- **PROBLEM STATEMENT**
Figure out the number of lines in the data that hold the string "PLOUGASTEL". Reply with that figure only.

- **AVAILABLE RECORDS**
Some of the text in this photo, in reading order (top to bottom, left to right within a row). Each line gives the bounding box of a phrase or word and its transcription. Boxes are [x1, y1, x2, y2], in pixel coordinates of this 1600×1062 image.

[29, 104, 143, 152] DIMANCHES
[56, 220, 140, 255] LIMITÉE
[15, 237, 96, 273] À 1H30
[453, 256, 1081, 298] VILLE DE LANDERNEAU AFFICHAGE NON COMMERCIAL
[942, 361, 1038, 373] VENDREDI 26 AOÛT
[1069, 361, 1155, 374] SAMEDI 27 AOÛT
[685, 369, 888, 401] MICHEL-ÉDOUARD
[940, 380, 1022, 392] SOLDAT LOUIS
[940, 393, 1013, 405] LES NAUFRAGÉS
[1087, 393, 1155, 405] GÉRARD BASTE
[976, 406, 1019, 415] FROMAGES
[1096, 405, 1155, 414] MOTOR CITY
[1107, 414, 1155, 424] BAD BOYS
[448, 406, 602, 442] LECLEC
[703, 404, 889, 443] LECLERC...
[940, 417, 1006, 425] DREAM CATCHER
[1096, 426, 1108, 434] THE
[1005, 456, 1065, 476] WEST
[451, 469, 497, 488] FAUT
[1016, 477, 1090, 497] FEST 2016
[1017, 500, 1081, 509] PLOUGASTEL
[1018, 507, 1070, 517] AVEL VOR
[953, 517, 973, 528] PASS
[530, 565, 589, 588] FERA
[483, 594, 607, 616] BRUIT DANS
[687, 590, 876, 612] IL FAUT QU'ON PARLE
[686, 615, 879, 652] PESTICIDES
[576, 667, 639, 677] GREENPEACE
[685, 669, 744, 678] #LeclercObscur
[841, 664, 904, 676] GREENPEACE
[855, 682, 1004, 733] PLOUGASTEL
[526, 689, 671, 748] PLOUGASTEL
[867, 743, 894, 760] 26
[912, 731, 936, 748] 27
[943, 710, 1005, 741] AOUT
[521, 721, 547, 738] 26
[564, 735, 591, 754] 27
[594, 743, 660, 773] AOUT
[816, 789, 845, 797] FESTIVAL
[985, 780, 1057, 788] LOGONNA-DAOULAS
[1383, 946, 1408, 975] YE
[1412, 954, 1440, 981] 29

- **TASK OUTPUT**
3